INSTRUCTIONS TO FOLLOW
Without including any picture, transcribe the entries below word for word.

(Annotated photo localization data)

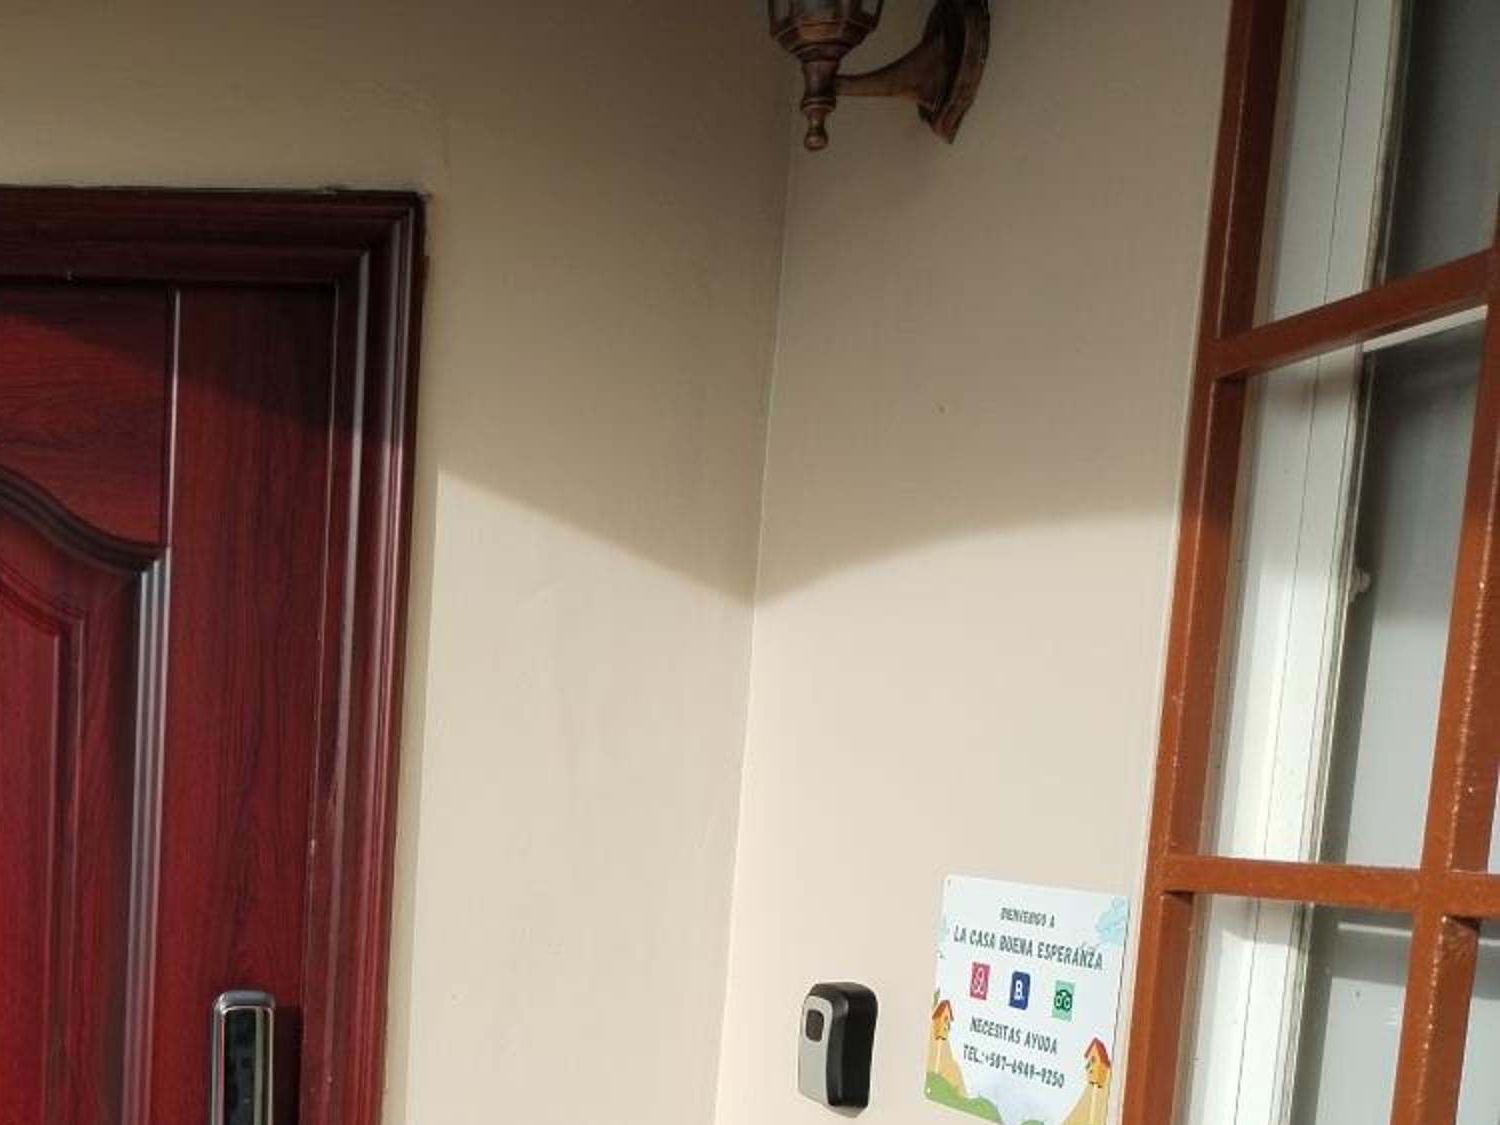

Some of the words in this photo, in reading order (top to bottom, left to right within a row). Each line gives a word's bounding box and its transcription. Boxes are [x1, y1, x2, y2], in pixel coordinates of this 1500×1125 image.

[953, 924, 967, 943] LA
[969, 929, 995, 949] CASA
[1000, 935, 1033, 957] BUENA
[1037, 941, 1103, 971] ESPERANZA
[970, 1015, 1020, 1044] NECESITAS
[1024, 1031, 1057, 1055] AYUDA

WRITTEN RESPONSE
Some of the words in this photo, in reading order (top to bottom, left to right within a row). Each line gives a word's bounding box and its transcription. Boxes are [x1, y1, x2, y2], in pixel coordinates of this 1500×1125 image.

[953, 924, 967, 943] LA
[969, 929, 995, 949] CASA
[1000, 935, 1033, 957] BUENA
[1037, 941, 1103, 971] ESPERANZA
[970, 1015, 1020, 1044] NECESITAS
[1024, 1031, 1057, 1055] AYUDA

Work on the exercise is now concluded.